By G. Palaitsakis
Increased VAT rates that were imposed in most of Greece last year - on the back of a tax "tsunami" to meet memorandum-mandated fiscal targets - are set for implementation in 32 Aegean islands as of Jan. 1, 2018 - a development that will make tourist destinations a bit more costly.
A 30-percent discount long extended to the specific islands, which included jet-setting Mykonos and iconic Santorini, has remained in force this year. Successive Greek governments have for decades bestowed a "special status" on various Aegean islands, such as tax and customs exemptions, subsidized air and sea transports, preferential public service hirings and postings etc.

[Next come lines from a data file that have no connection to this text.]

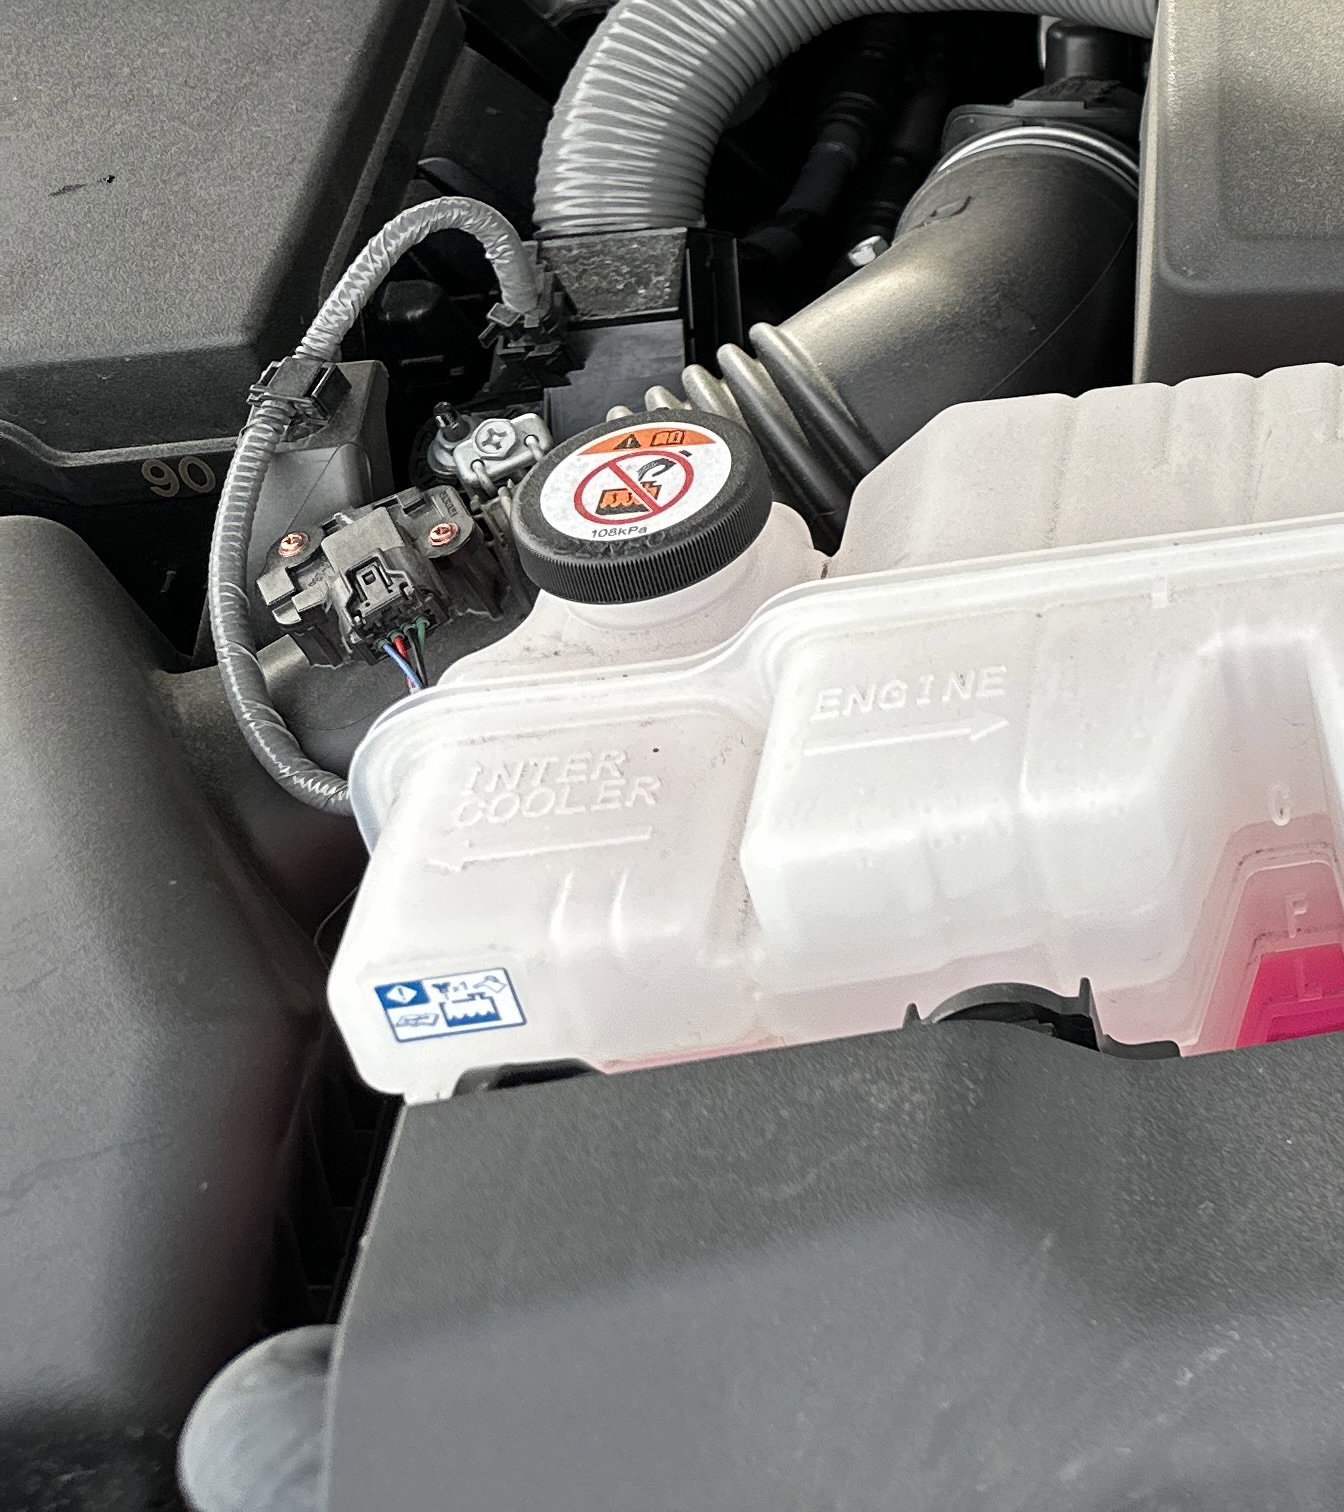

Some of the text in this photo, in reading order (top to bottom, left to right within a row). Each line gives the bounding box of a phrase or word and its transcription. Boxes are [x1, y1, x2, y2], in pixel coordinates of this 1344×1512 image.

[141, 455, 217, 498] 90
[591, 525, 648, 539] 108kPa
[810, 665, 1007, 723] ENGINE
[460, 749, 630, 797] INTER
[453, 775, 661, 828] COOLER

As expected, the lowest VAT rate will jump from 5 percent to 6 percent; the medium level from 9 percent to 13 percent, and currently highest level from 17 percent to the "Scandinavian" rate of 24 percent.
The islands are included in the prefectures of Samos and the Dodecanese, where the higher VAT rates are already in effect for tourist-laden Rhodes and lesser known Karpathos.
According to figures provided the relevant finance ministry, which are included in a compilation of all tax breaks and exemptions found in the country's tax codes, and which was included as an addendum in the 2017 state budget, the 30-percent discount in VAT rates for the 32 Aegean islands cost the state's coffers roughly 311 million euros on an annual basis.
Conversely, proponents of the specific exemption have usually pointed to increased transport costs for goods and services to island destinations as requiring such as indirect tax abatement.